This is the 5th place solution for Kaggle competition Favorita Grocery Sales Forecasting.
This competition is a time series problem where we are required to predict the sales of different items in different stores for 16 days in the future, given the sales history and promotion info of these items. Additional information about the items and the stores are also provided. Dataset and detailed description can be found on the competition page: https://www.kaggle.com/c/favorita-grocery-sales-forecasting
I build 3 models: a Gradient Boosting, a CNN+DNN and a seq2seq RNN model. Final model was a weighted average of these models (where each model is stabilized by training multiple times with different random seeds then take the average). Each model separately can stay in top 1% in the final ranking.
LGBM: It is an upgraded model from the public kernels. More features, data and periods were fed to the model.
CNN+DNN: This is a traditional NN model, where the CNN part is a dilated causal convolution inspired by WaveNet, and the DNN part is 2 FC layers connected to raw sales sequences. Then the inputs are concatenated together with categorical embeddings and future promotions, and directly output to 16 future days of predictions.

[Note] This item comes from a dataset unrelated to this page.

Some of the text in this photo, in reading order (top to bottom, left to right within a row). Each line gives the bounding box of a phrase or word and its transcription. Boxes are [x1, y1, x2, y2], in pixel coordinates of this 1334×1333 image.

RNN: This is a seq2seq model with a similar architecture of @Arthur Suilin's solution for the web traffic prediction. Encoder and decoder are both GRUs. The hidden states of the encoder are passed to the decoder through an FC layer connector. This is useful to improve the accuracy significantly.
Three models are in separate .py files as their filename tell.

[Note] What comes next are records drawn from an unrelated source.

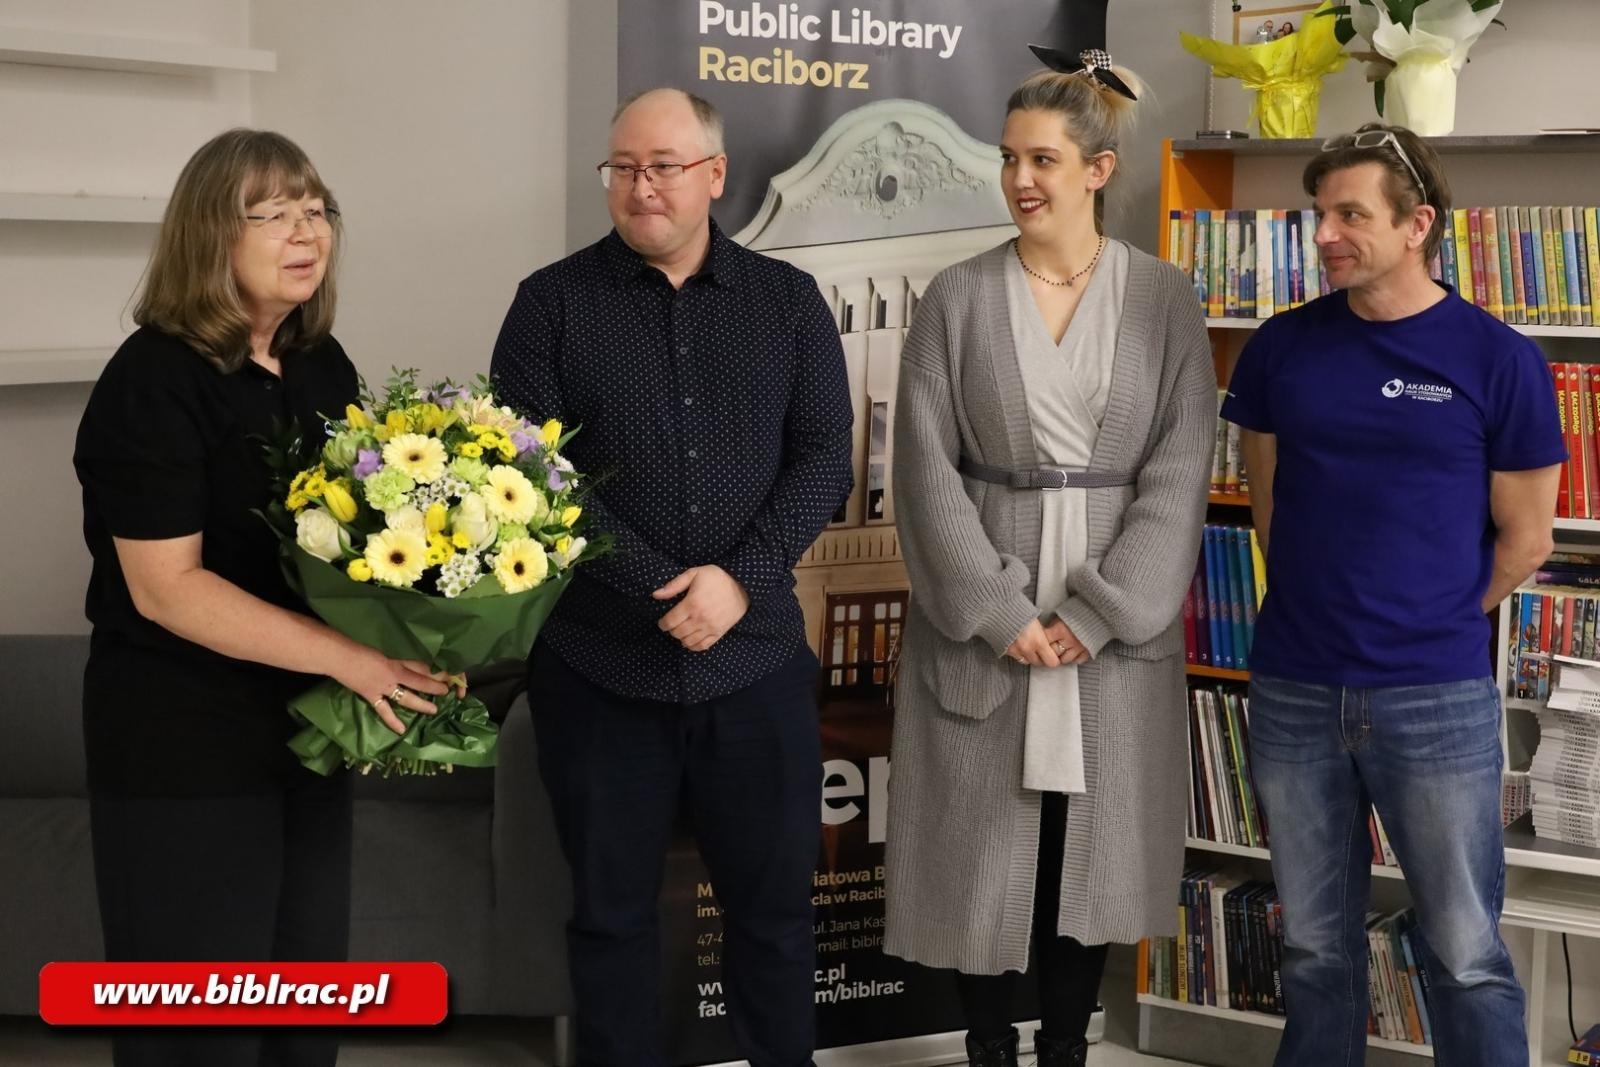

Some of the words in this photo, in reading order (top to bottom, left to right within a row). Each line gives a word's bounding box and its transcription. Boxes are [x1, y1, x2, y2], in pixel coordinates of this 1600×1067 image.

[699, 1, 821, 42] Public
[831, 8, 963, 59] Library
[699, 46, 870, 89] Raciborz
[1406, 384, 1453, 395] AKADEMIA
[834, 893, 848, 904] w
[829, 919, 860, 933] Jana
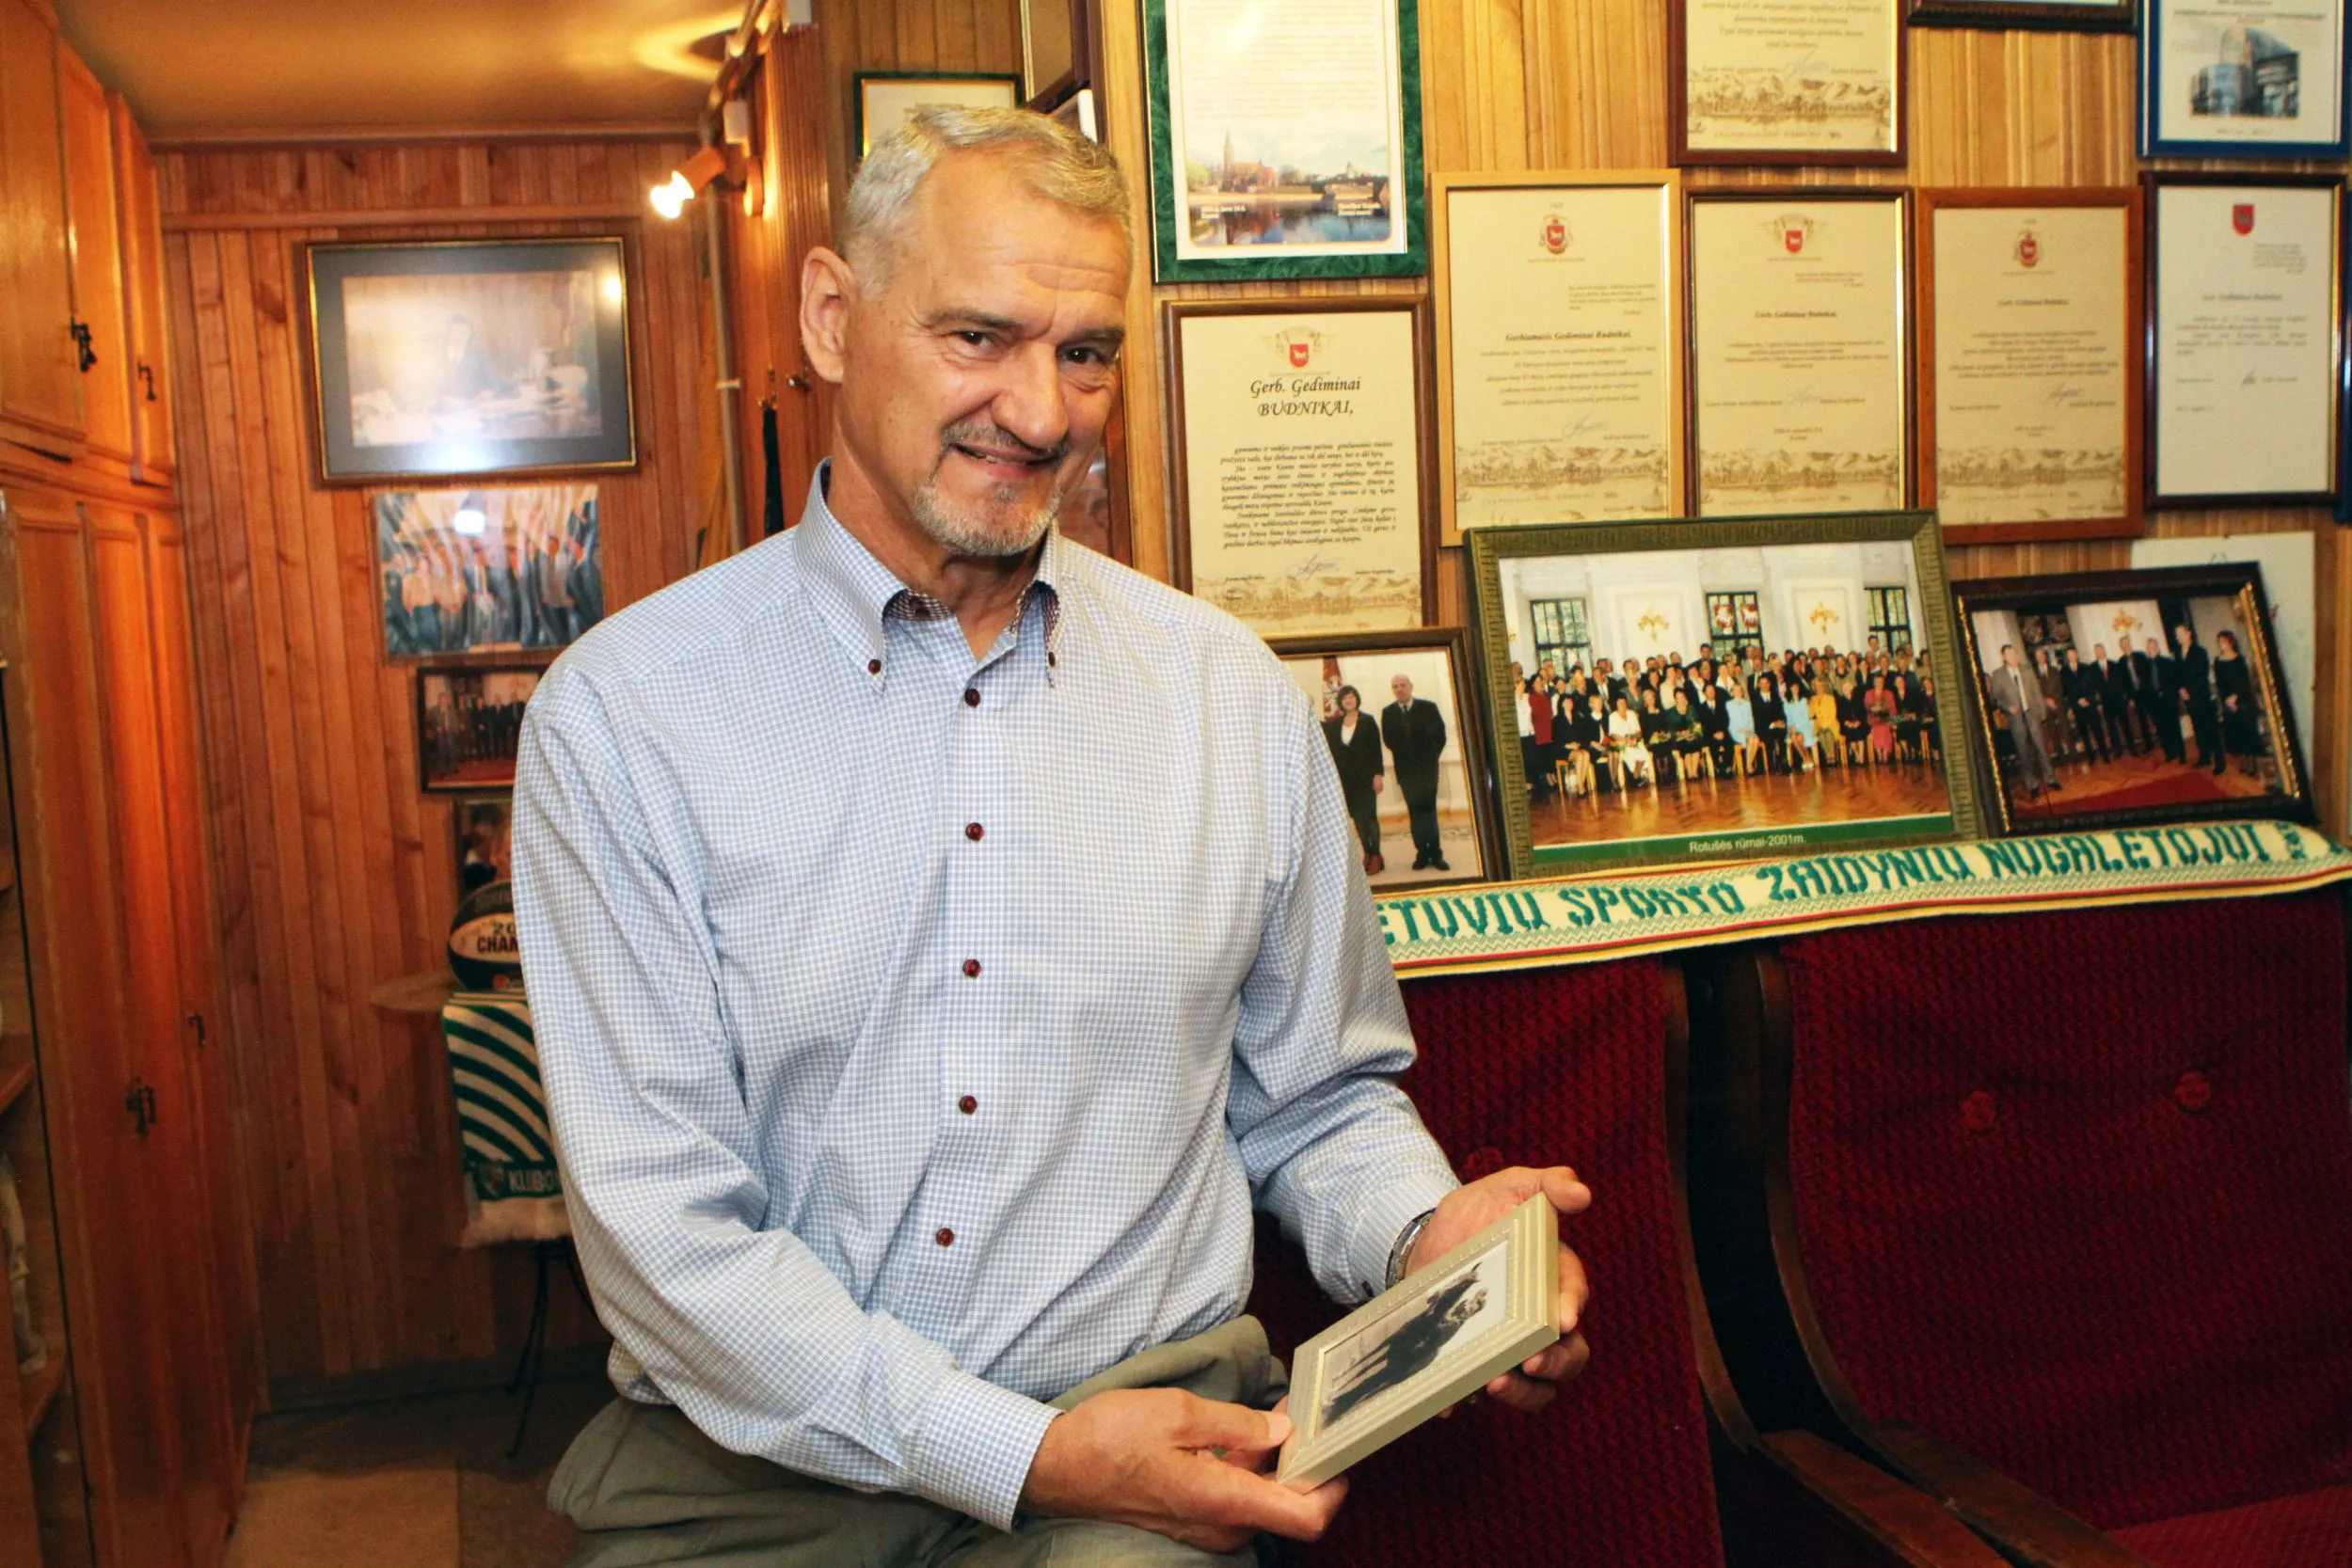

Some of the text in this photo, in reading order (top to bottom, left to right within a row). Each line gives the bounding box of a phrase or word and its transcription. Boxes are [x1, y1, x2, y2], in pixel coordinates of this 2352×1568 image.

[1250, 376, 1361, 399] Gerb. Gediminai
[1258, 400, 1354, 417] BUDNIKAI,
[1558, 881, 1745, 926] SPORTO

Before running the models, download the data from the competition website, and add records of 0 with any existing store-item combo on every Dec 25th in the training data. Then use the function load_data() in Utils.py to load and transform the raw data files, and use save_unstack() to save them to feather files. In the model codes, change the input of load_unstack() to the filename you saved. Then the models can be runned. Please read the codes of these functions for more details.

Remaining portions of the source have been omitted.